2014年2月8〜9日と2月14〜15日の関東甲信地域の大雪時における都心部の積雪深はいずれも27cm(東京管区気象台)を記録し,2月15日には同地域で建物等の損壊被害が多発した.この2回の降雪中に都心部の2か所で積雪密度の調査を行い,2月8日が122と130kg m
−3,2月14日が258と270kg m
−3で前者の2倍であった.2月8〜9日は降雪のみであったが,2月14〜15日は降雪が途中から降雨に変わり,雨水が積雪中に滞留した.降雪時間帯における積雪密度の差に加えて積雪発生後に降雨があったかないかが,建物損壊の多少に大きく影響した.雪荷重の正確な推察には積雪深と降水量の時別値を用いた時系列計算が必要であることが判明した.
そこで,時系列データが存在する過去24冬季に遡って雪荷重を時系列計算した結果,2014年2月15日のピーク雪荷重は941N m
−2(=96mm)と推算された.その再現期間評価を行ったところ,ガンベルプロット上では2014年以前の23冬季の傾向からは大きく外れはするが直線外挿すると240年となった.

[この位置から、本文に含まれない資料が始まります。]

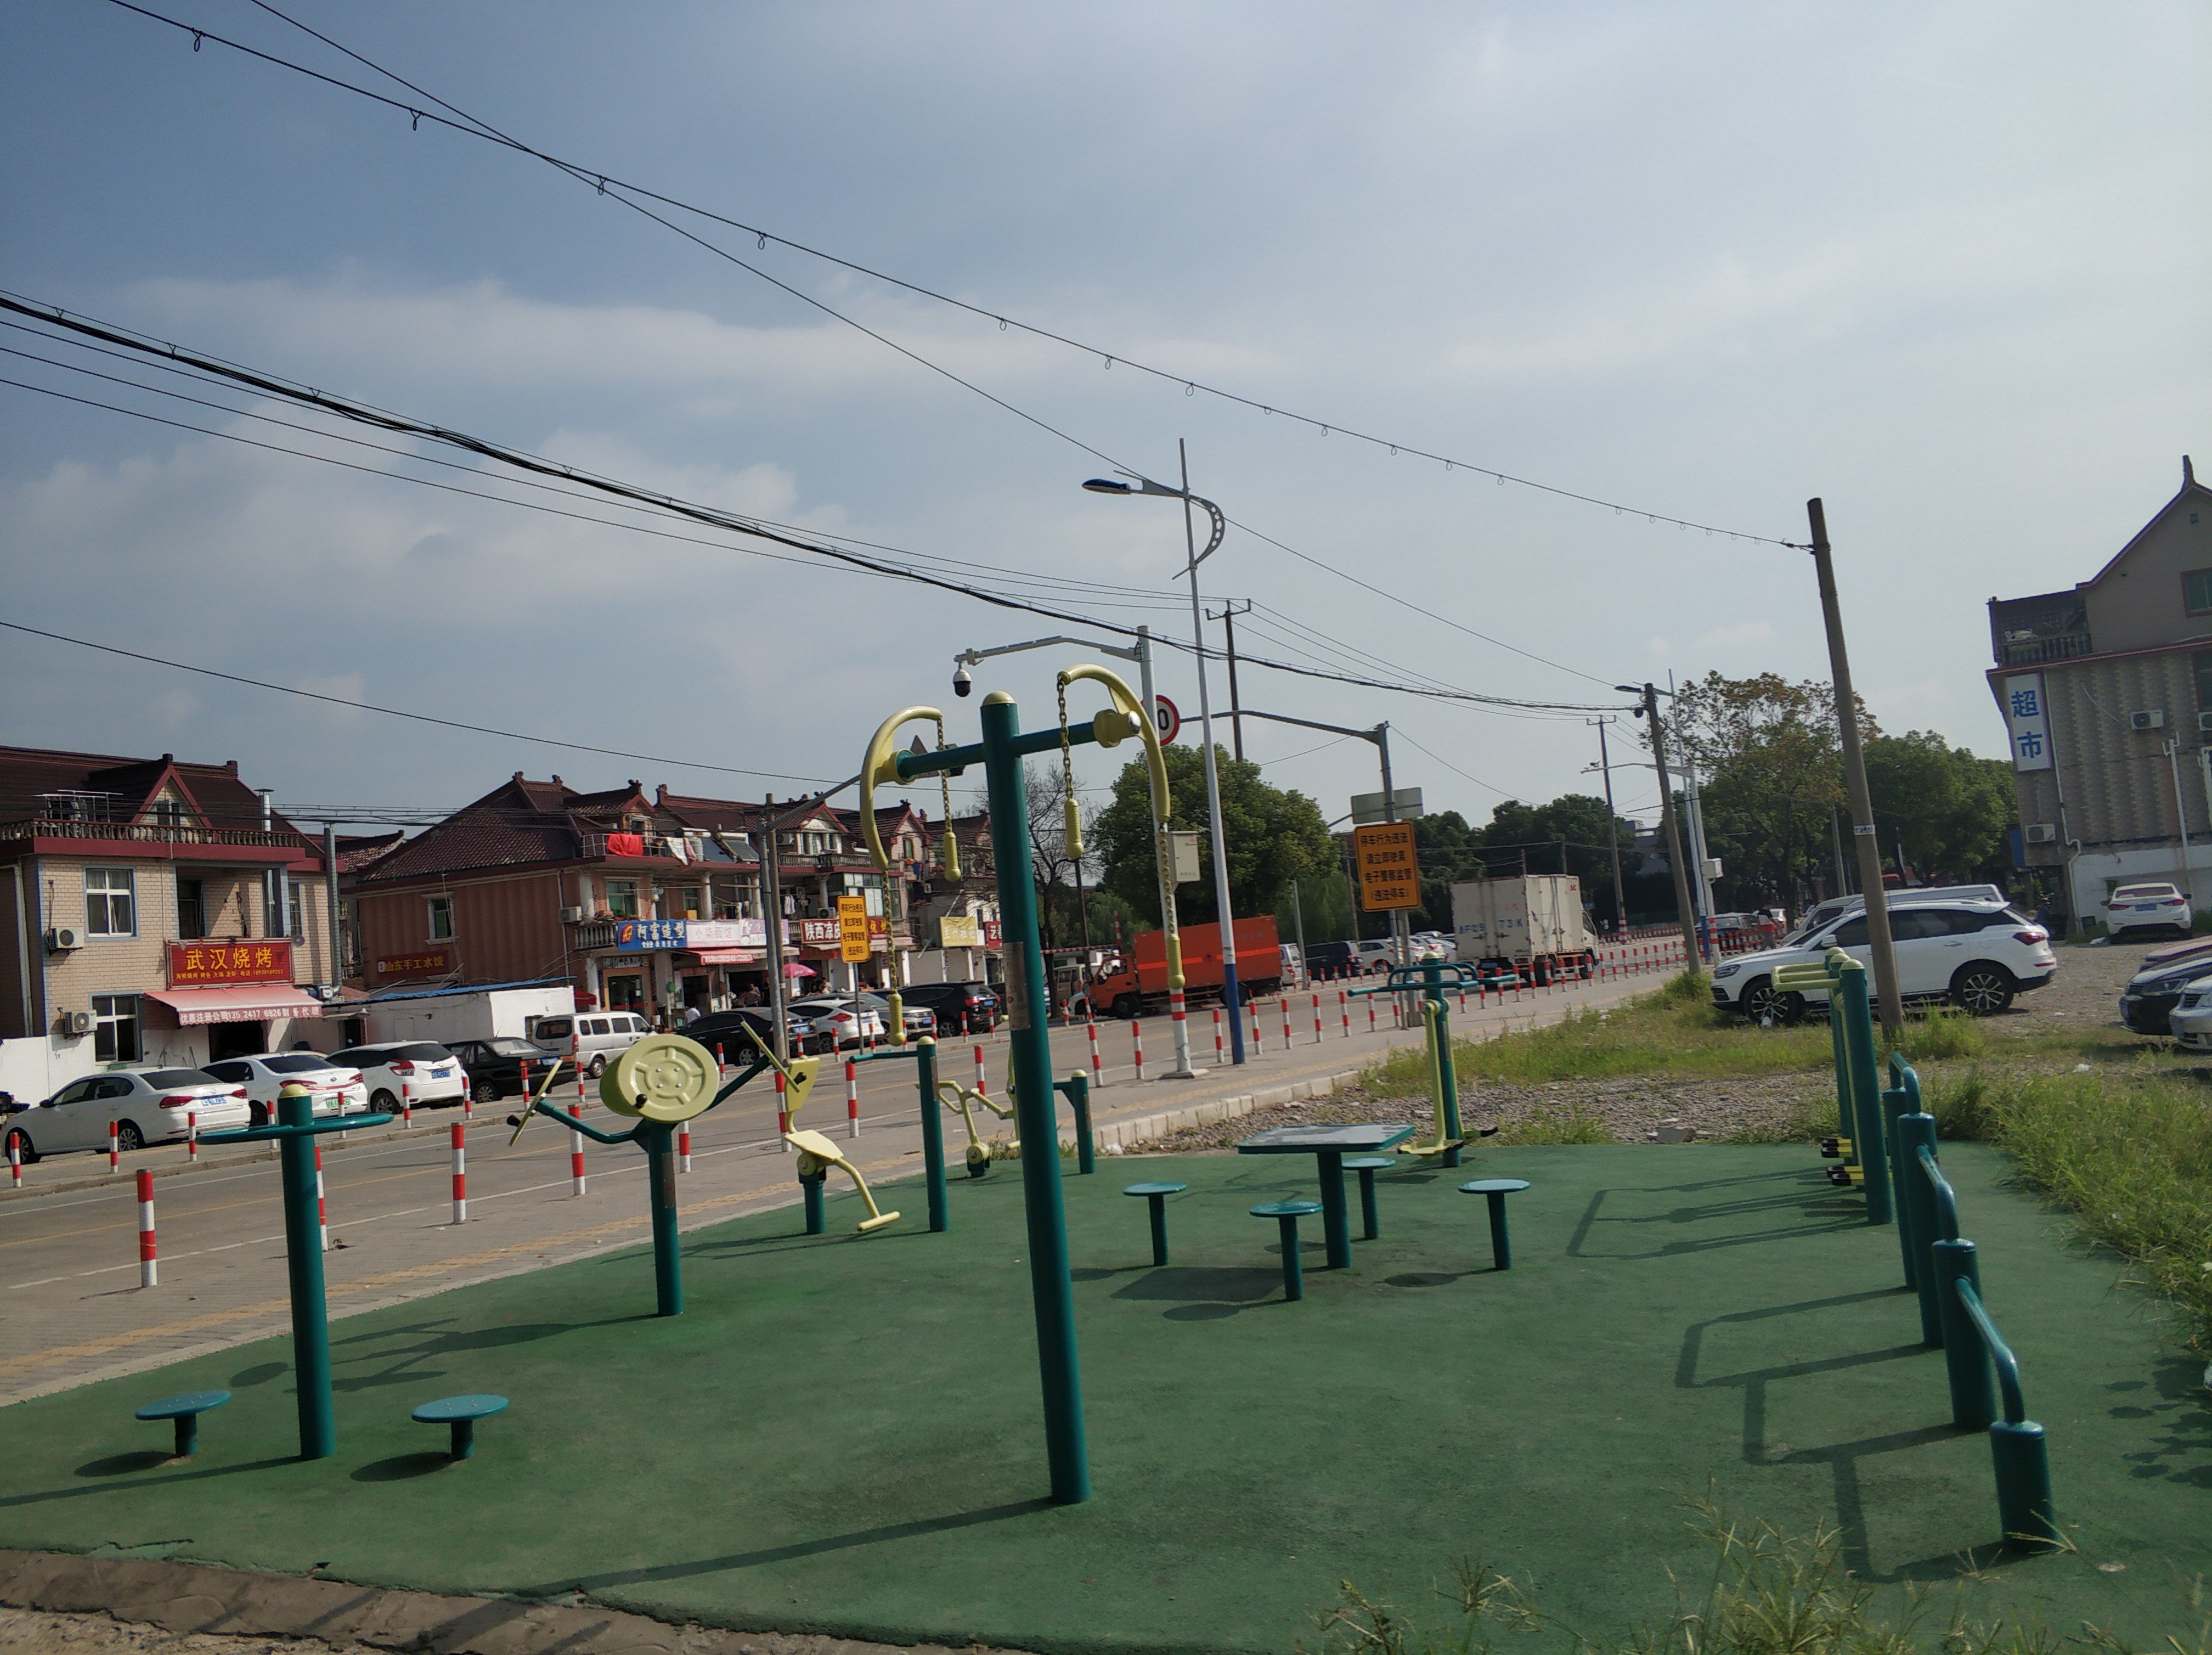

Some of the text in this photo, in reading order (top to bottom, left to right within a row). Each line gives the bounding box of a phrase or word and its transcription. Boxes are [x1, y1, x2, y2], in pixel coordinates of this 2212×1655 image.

一方,2014年2月14日の17時前後には都心の高層ビル(170m高)の地上と屋上で気温と積雪密度を計測した.地上はプラス気温(0.6℃)で積雪密度270kg m
−3だったのに対し,屋上はマイナス気温(−0.8℃)で積雪密度は144kg m
−3であった.地図上では同一地点でも高さによって積雪密度は大きく異なった.高層建屋の雪荷重を推算する場合でも積雪深と降水量の時系列値を用いる方法が有効であることが分かった.